The three ASX shares I’m going to mention in this article are rated as ‘buys’ by several brokers.

It’s quite hard to find businesses that are both good businesses and trading at a good price. Even then, one person might say Commonwealth Bank of Australia (ASX: CBA) and another says that Transurban Group (ASX: TCL) is a better choice.

Investment site MarketIndex regularly collates the ratings of brokers together to assess what the broker community collectively think are opportunities. Of course, this still isn’t a guarantee of success – they could all be herding together.

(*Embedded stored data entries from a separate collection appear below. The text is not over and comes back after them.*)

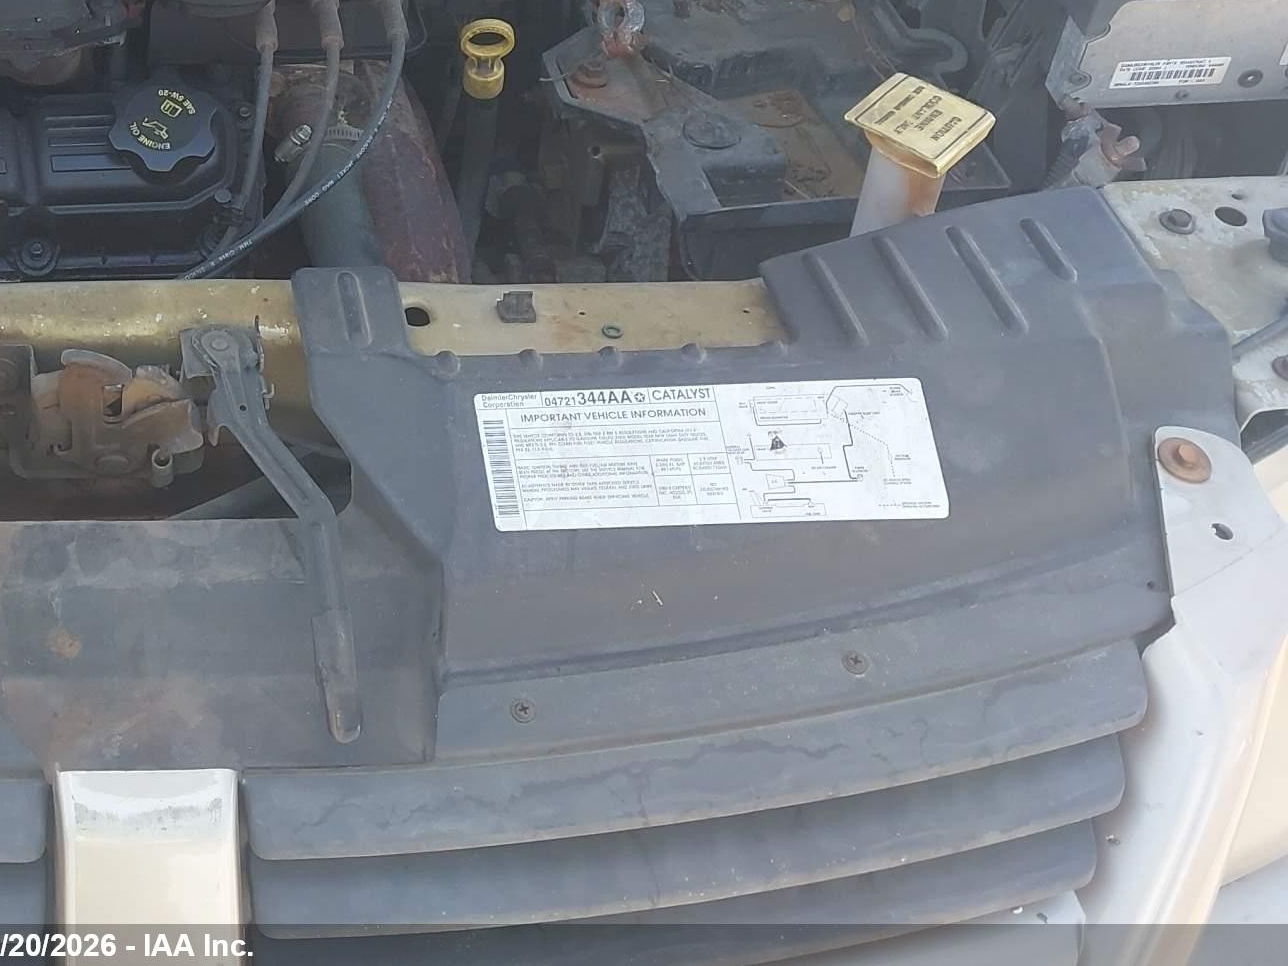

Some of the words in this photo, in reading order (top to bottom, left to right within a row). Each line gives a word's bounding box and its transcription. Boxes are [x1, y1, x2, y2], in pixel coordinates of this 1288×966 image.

[182, 99, 196, 115] SAE
[913, 95, 943, 120] COOLANT
[914, 109, 943, 131] ENGINE
[129, 121, 141, 136] OIL
[931, 116, 962, 141] CAUTION
[137, 135, 170, 150] ENGINE
[481, 393, 537, 401] DaimlerChrysler
[544, 390, 633, 407] 04721344AA
[652, 388, 711, 401] CATALYST
[483, 401, 525, 409] Corporation
[520, 411, 583, 423] IMPORTANT
[584, 410, 627, 421] VEHICLE
[630, 408, 706, 419] INFORMATION
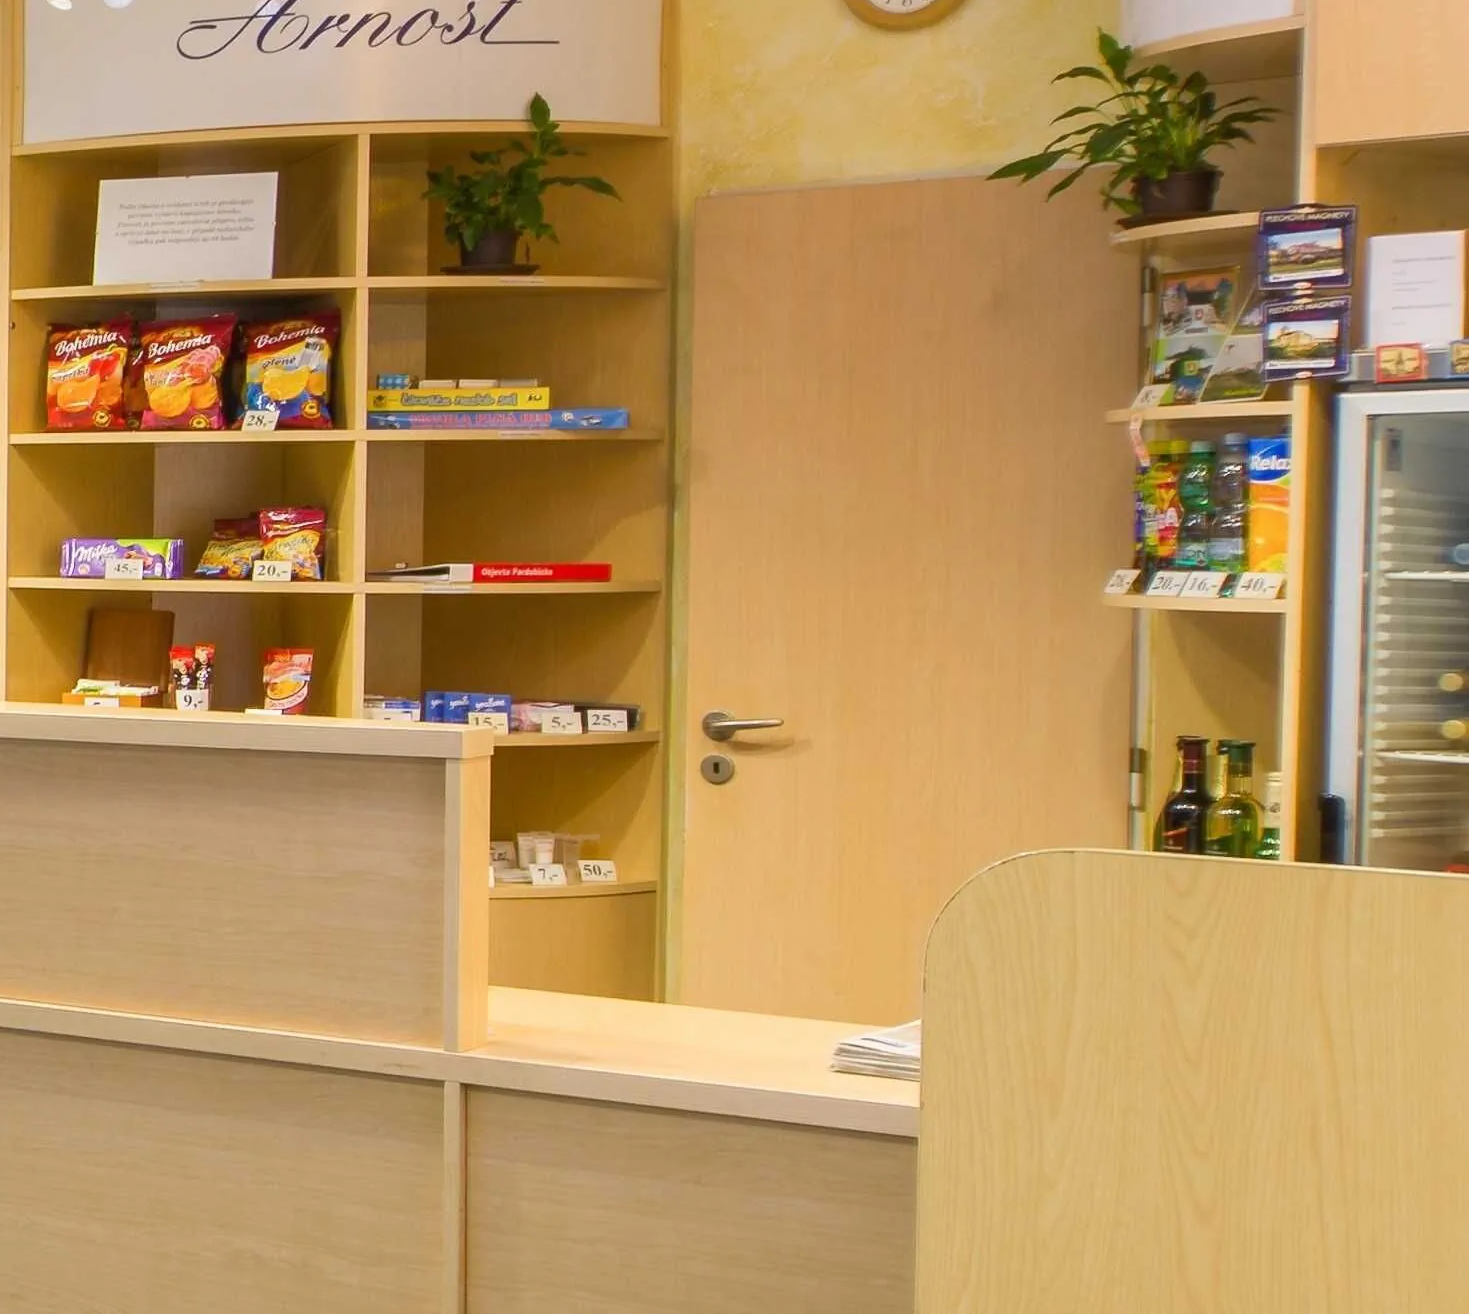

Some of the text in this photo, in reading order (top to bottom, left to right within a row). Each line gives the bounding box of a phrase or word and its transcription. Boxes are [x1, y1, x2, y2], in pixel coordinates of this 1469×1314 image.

[54, 331, 118, 357] Bohemia
[254, 325, 326, 349] Bohemia
[148, 333, 214, 359] Bohemia
[246, 415, 274, 427] 28,-
[1251, 454, 1291, 472] Rela
[74, 542, 118, 562] Milka
[257, 564, 289, 577] 20,-
[184, 694, 203, 708] 9,-
[551, 716, 574, 730] 5,-
[591, 714, 624, 727] 25,-
[583, 864, 613, 878] 50,-

With that in mind, here are three ASX shares that brokers like:

Worley Ltd (ASX: WOR) 

Worley is rated as a buy by at least 10 analysts.

The combined Worley business has impressive synergies to work on after its large acquisition of the energy, chemicals and resources division of Jacobs to create the global leader across Worley’s core market segments.

Aside from the coronavirus, things look good for Worley with the trade war turning into a trade ceasefire, which should mean more economic activity across the world.

However, the sudden change of the CEO was a surprise, but that means the Worley share price is 11% lower since 24 January 2020 and better value.

Nextdc Ltd (ASX: NXT) 

Nextdc is rated as a buy by at least 10 analysts.

Some of the best ways to profit from the rise of cloud computing on the share market are based in the US. Businesses like Microsoft, Amazon and Alphabet are the leaders in this category. Nextdc could be one of the best ways on the ASX to profit as it’s a data centre business with locations across Australia.

The amount of data that businesses need is growing exponentially and Nextdc could be a good way to gain exposure to that. However, it may be hard to gauge how much money Nextdc will be generating in five or ten years.  

Aristocrat Leisure Limited (ASX: ALL) 

Aristocrat Leisure is rated as a buy by at least 13 analysts.

It’s rare to find a business on the ASX share market with a market capitalisation above $20 billion which is growing at a fast rate.

In FY19 the gambling and gaming business grew its statutory revenue by 25.5% and net profit after tax increased by 28.8%. It’s a good growth rate for the valuation. 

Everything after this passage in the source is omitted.